At the site of the deformity, patients can also present with pain, swelling, and stiffness.


The goal of treatment is to restore the ability of the finger to completely straighten while also achieving an appropriate finger range of motion. The treatment for a boutonniere deformity can be either operative or nonoperative. It is recommended that it be treated early in its onset to yield the best results of retaining the full range of motion of the finger. If a boutonniere finger remains untreated for an extended time, it will become increasingly difficult to correct and provide symptom relief.

Non-operative Options

Nonoperative options are most effective when the deformity is addressed early. A finger splint is the recommended nonoperative option for treating boutonniere deformity to keep the finger straight. The splint keeps the ends of the torn/injured tendon together and prevents it from separating as it heals.

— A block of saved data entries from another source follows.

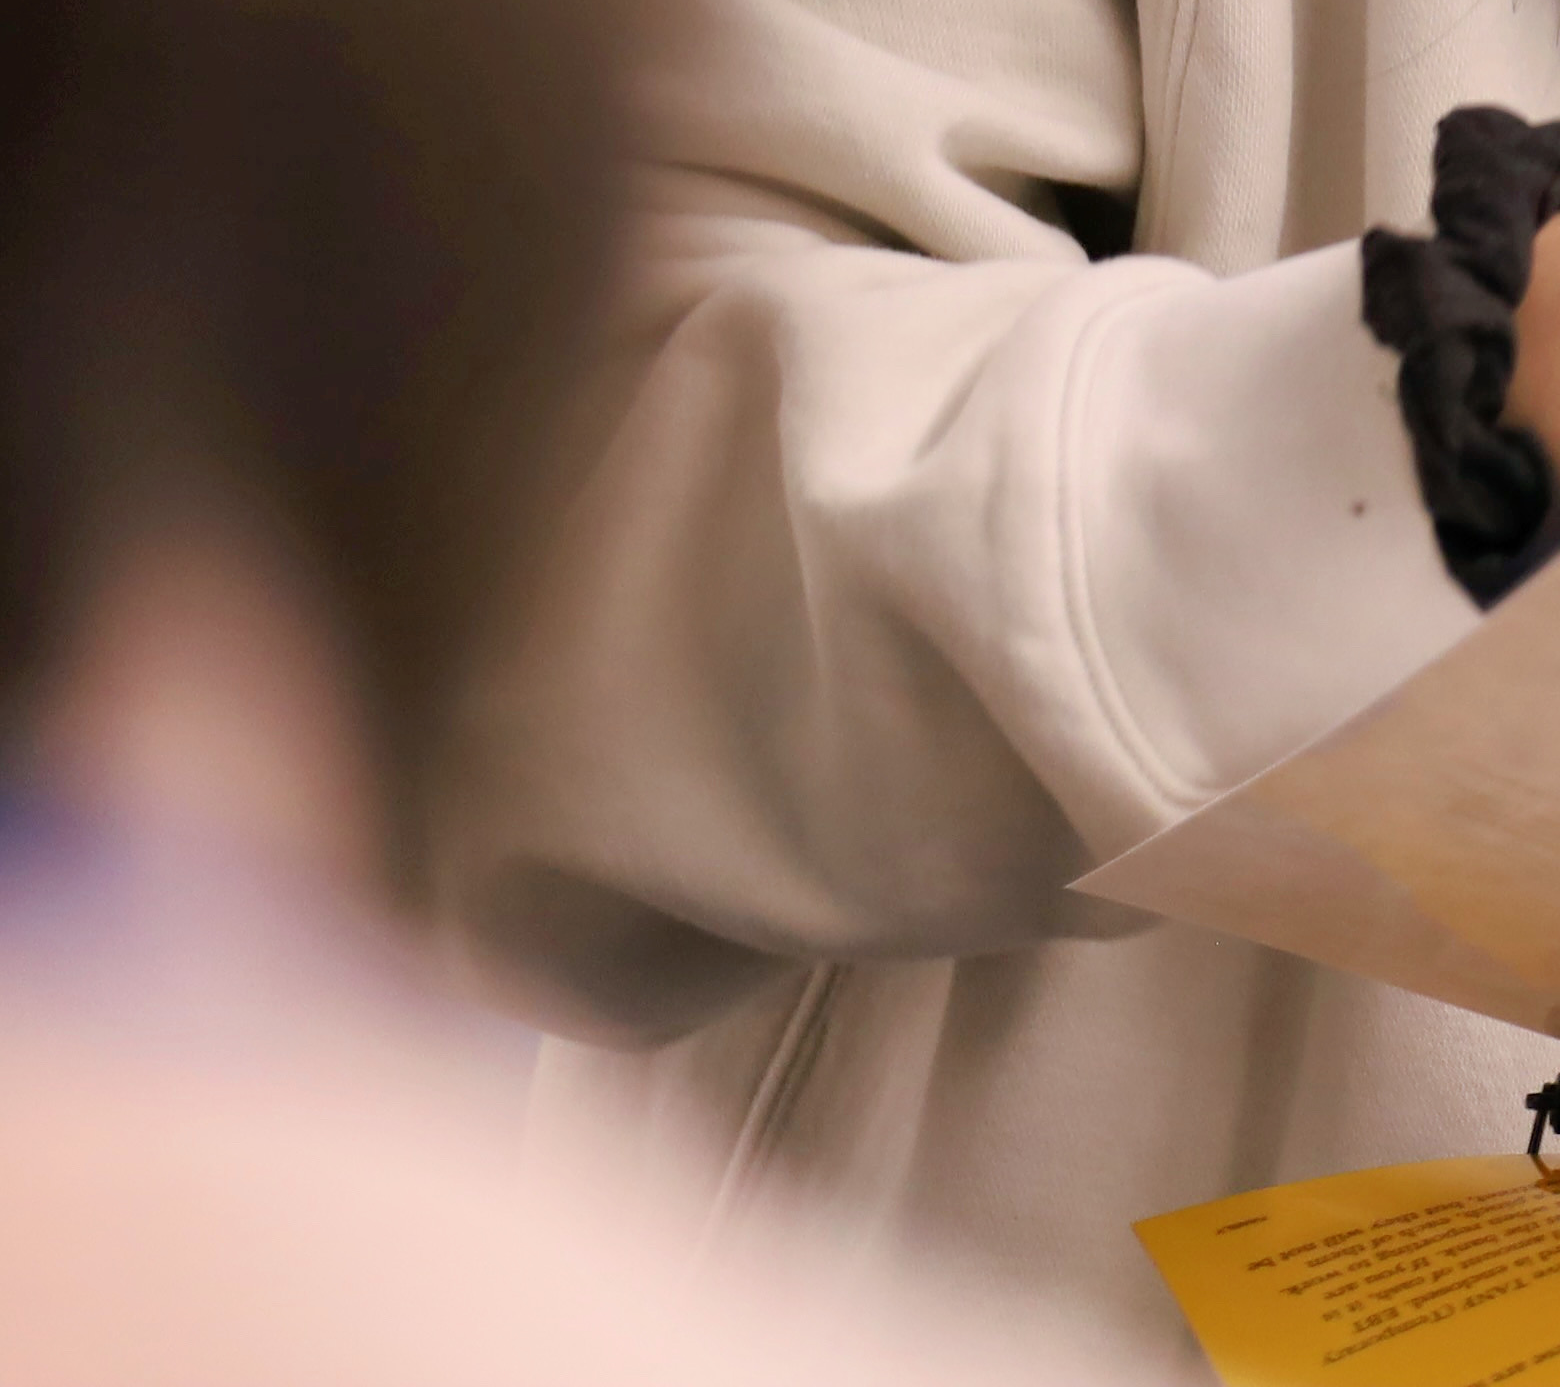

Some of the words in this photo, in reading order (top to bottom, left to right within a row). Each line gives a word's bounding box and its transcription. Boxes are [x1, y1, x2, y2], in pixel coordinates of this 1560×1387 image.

[1370, 1211, 1420, 1231] they
[1398, 1217, 1452, 1238] each
[1503, 1221, 1541, 1237] the
[1321, 1228, 1365, 1248] will
[1370, 1234, 1393, 1251] of
[1375, 1222, 1483, 1263] reporting
[1279, 1241, 1318, 1262] not
[1304, 1242, 1367, 1269] them
[1246, 1255, 1277, 1272] be
[1347, 1258, 1372, 1273] to
[1364, 1262, 1408, 1285] you
[1279, 1270, 1343, 1297] work.
[1323, 1282, 1359, 1300] are
[1462, 1278, 1529, 1311] TANF
[1352, 1306, 1400, 1334] EBT
[1321, 1302, 1456, 1367] (Temporary
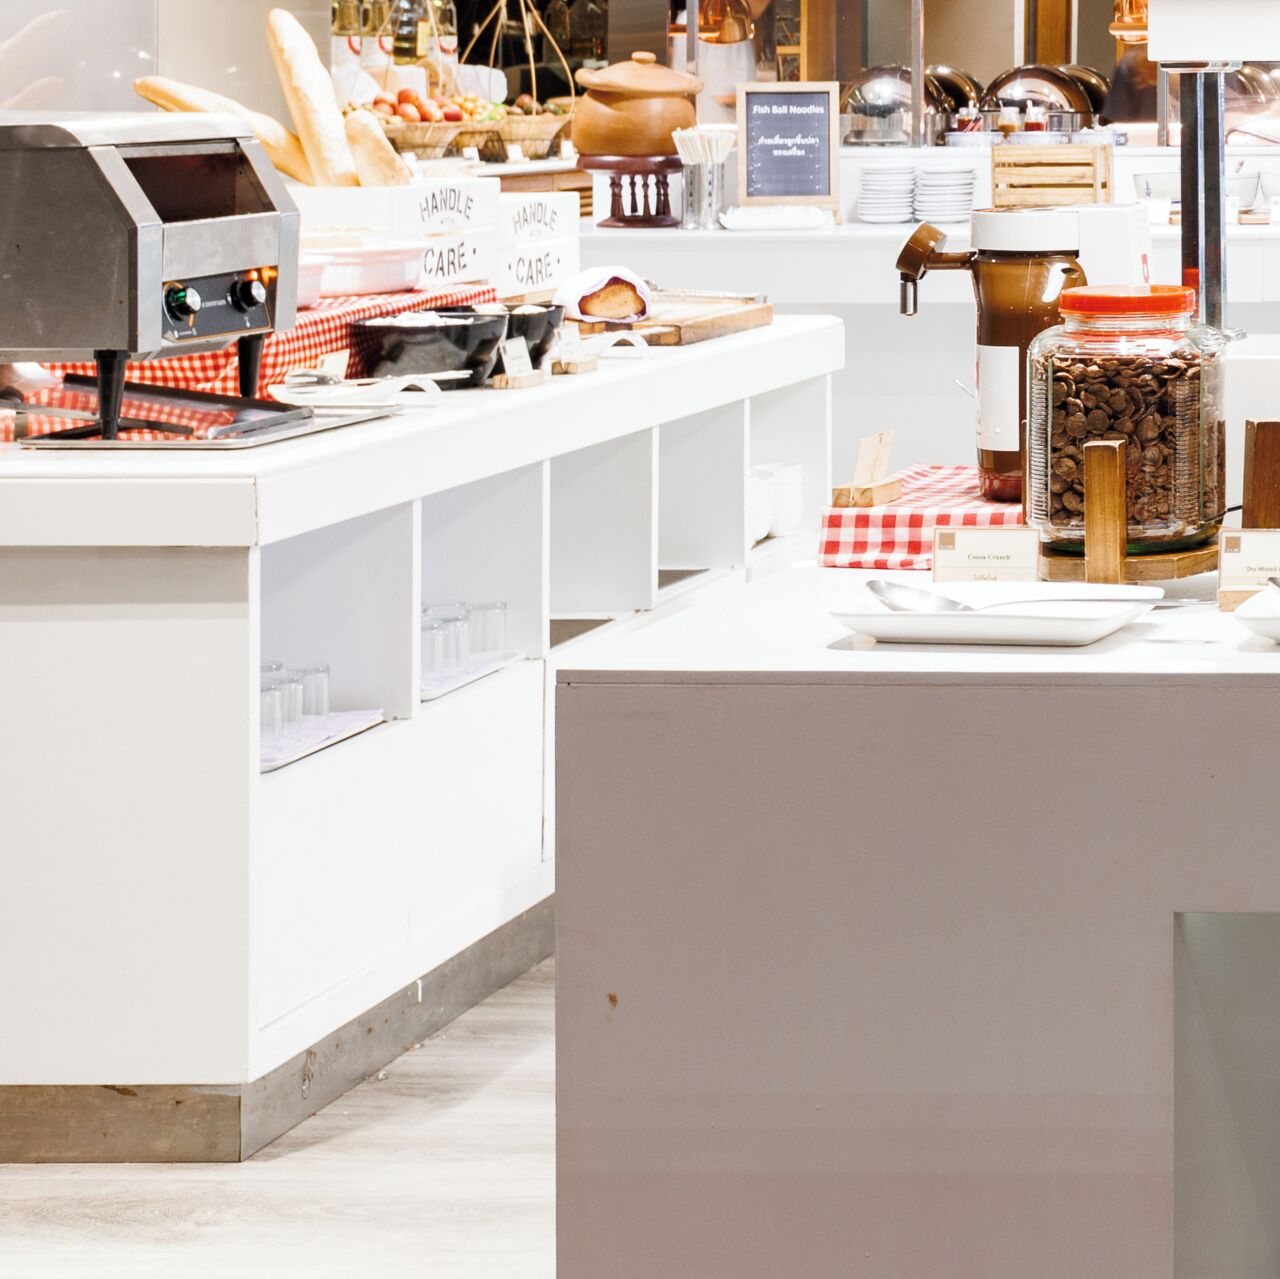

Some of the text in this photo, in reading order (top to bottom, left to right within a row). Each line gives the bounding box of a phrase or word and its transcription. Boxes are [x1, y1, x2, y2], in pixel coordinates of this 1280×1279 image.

[752, 104, 825, 114] Fish Ball Noodles
[419, 187, 474, 222] HANDLE
[512, 202, 557, 235] HANDLE
[423, 241, 467, 278] CARE
[516, 252, 553, 286] CARE
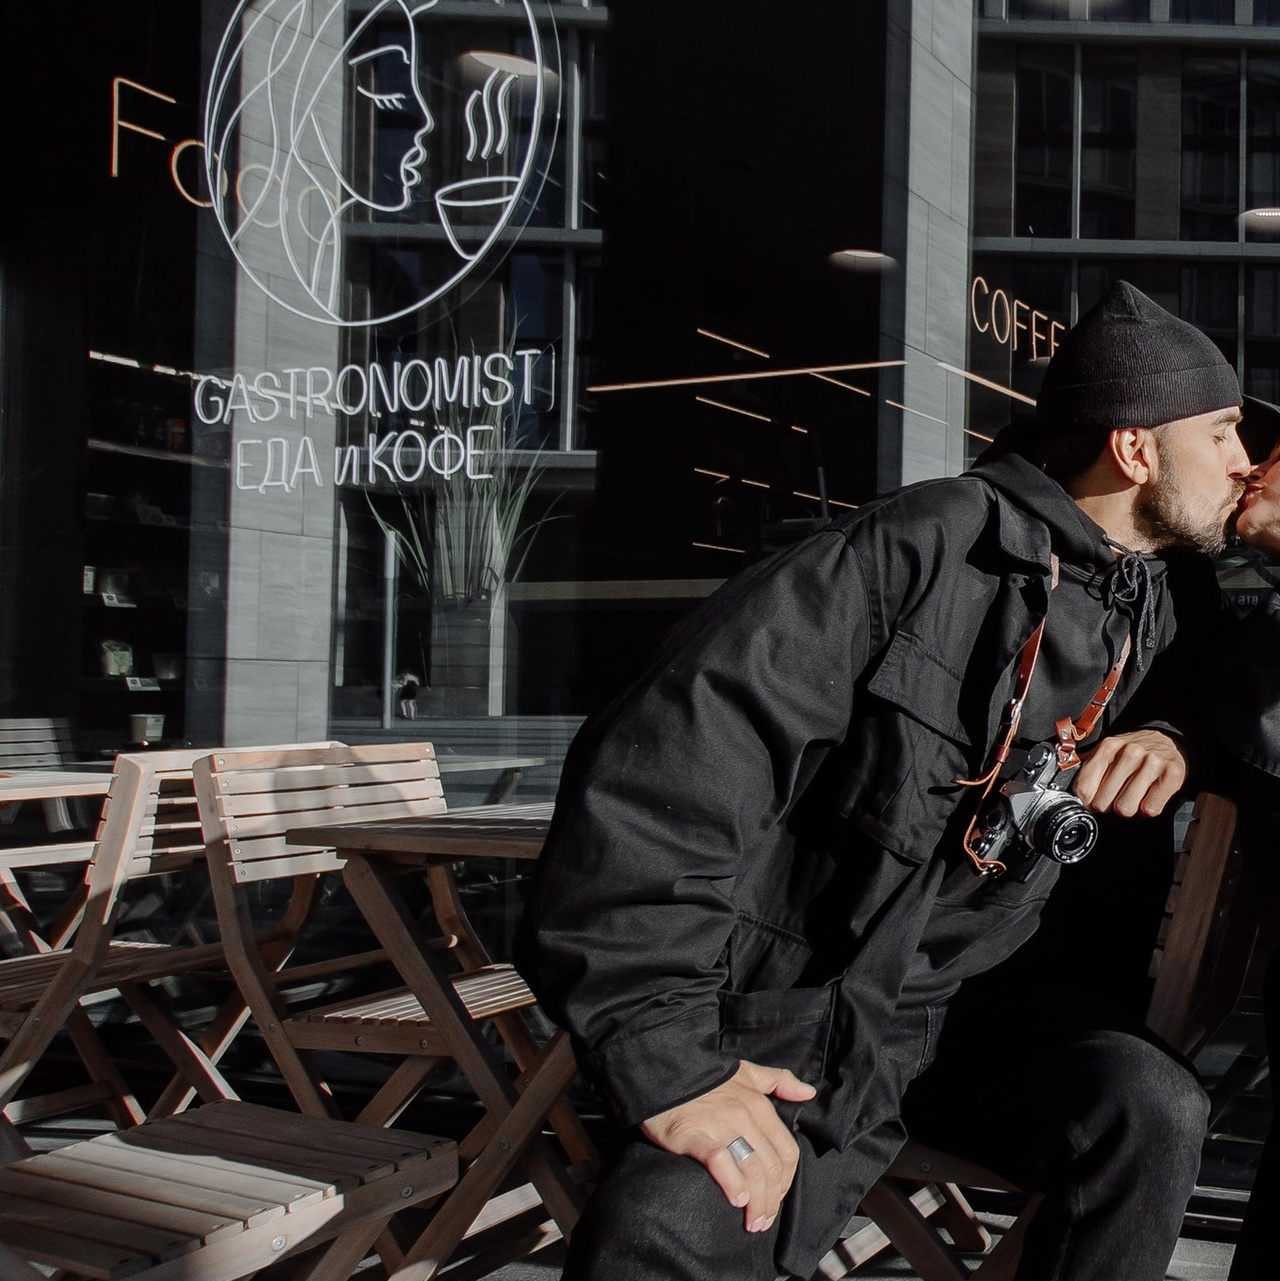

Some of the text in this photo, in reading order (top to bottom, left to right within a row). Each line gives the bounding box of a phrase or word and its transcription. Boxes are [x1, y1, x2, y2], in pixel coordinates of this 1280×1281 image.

[971, 276, 1066, 361] COFFE
[193, 348, 542, 424] GASTRONOMIST
[236, 436, 320, 494] ЕДА
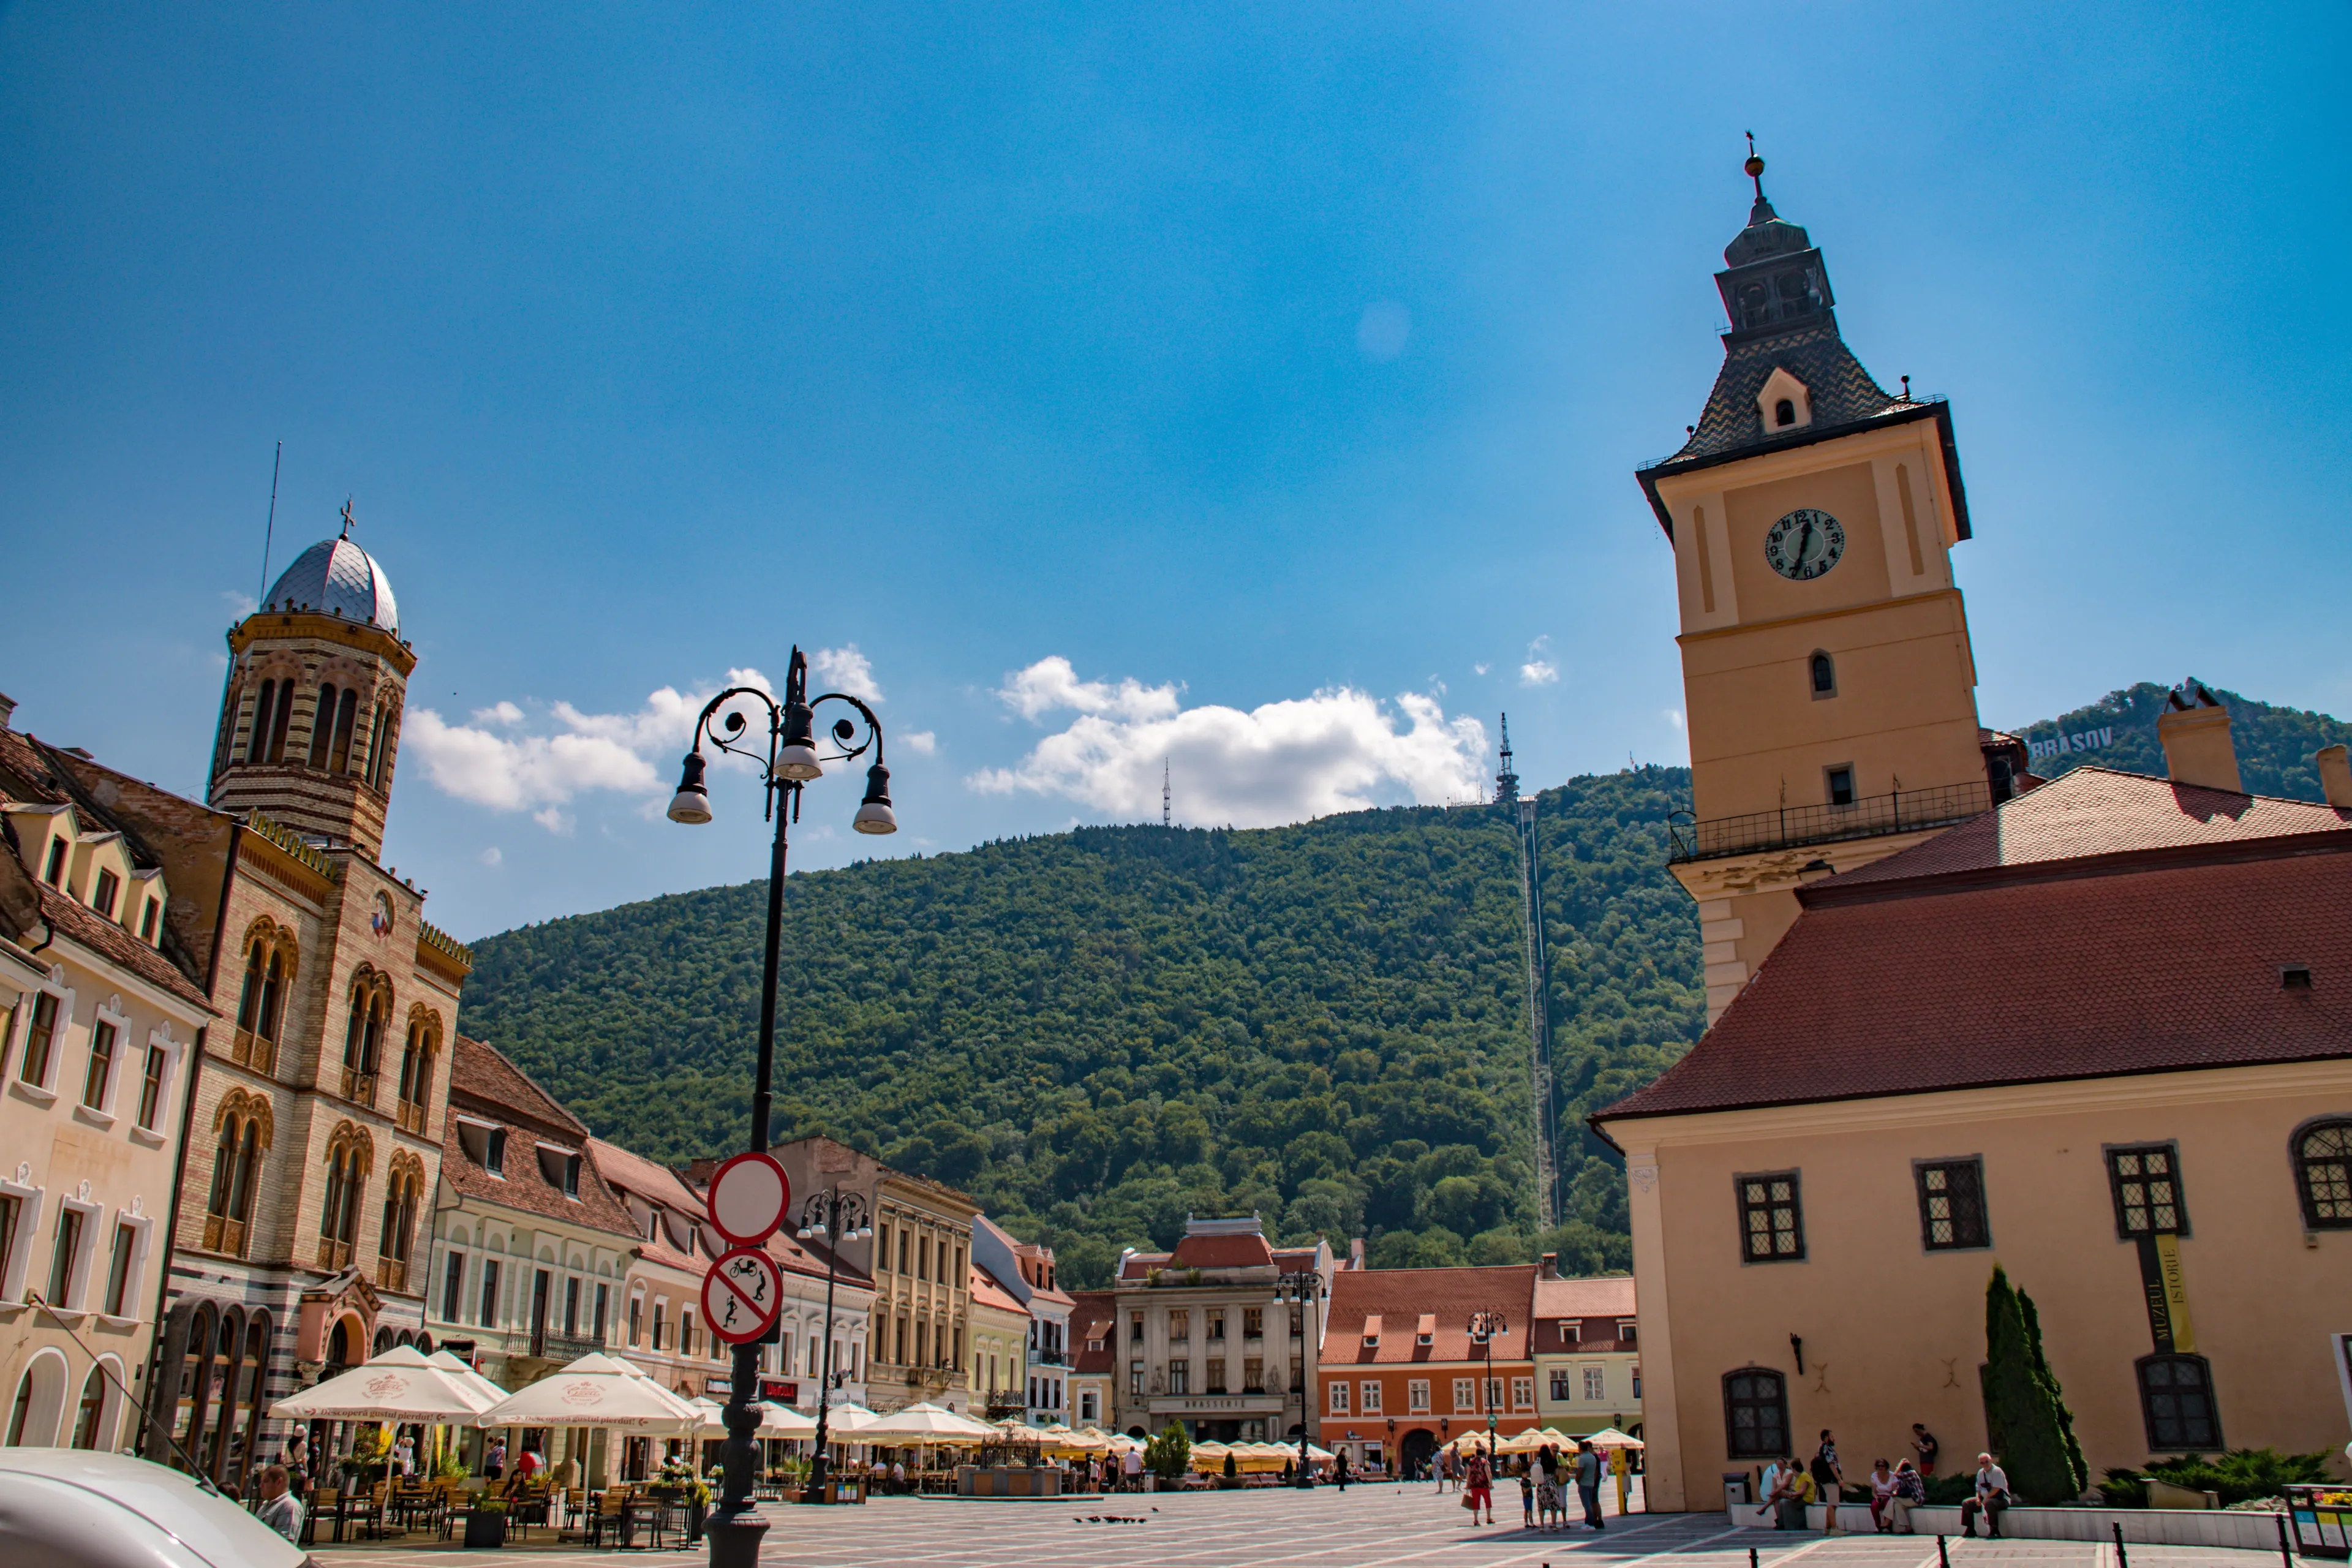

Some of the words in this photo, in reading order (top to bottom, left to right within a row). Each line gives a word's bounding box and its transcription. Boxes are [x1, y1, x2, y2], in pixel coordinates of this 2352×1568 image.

[1793, 511, 1809, 524] 12
[1813, 513, 1820, 523] 1
[1781, 519, 1792, 530] 11
[1825, 519, 1834, 530] 2
[1771, 531, 1782, 543] 10
[1831, 532, 1840, 544] 3
[1770, 546, 1778, 556] 9
[1828, 547, 1838, 559] 4
[1776, 559, 1784, 570] 8
[1819, 560, 1828, 571] 5
[1789, 565, 1800, 577] 7
[1804, 566, 1812, 578] 6
[2163, 1248, 2184, 1303] ISTORIE
[2149, 1279, 2169, 1340] MUZEUL
[370, 1409, 397, 1419] gustul

It is a very rigorous course of immobilization to allow the tendon to heal in proper alignment. The length of time wearing the splint can differ based on the patient’s age.

Usually, we require approximately six weeks for a young patient to wear the splint, whereas, for an elderly patient, it is usually three months.

In addition to splinting, patients will control pain and swelling with non-steriodal anti-inflammatories and over the counter pain medication.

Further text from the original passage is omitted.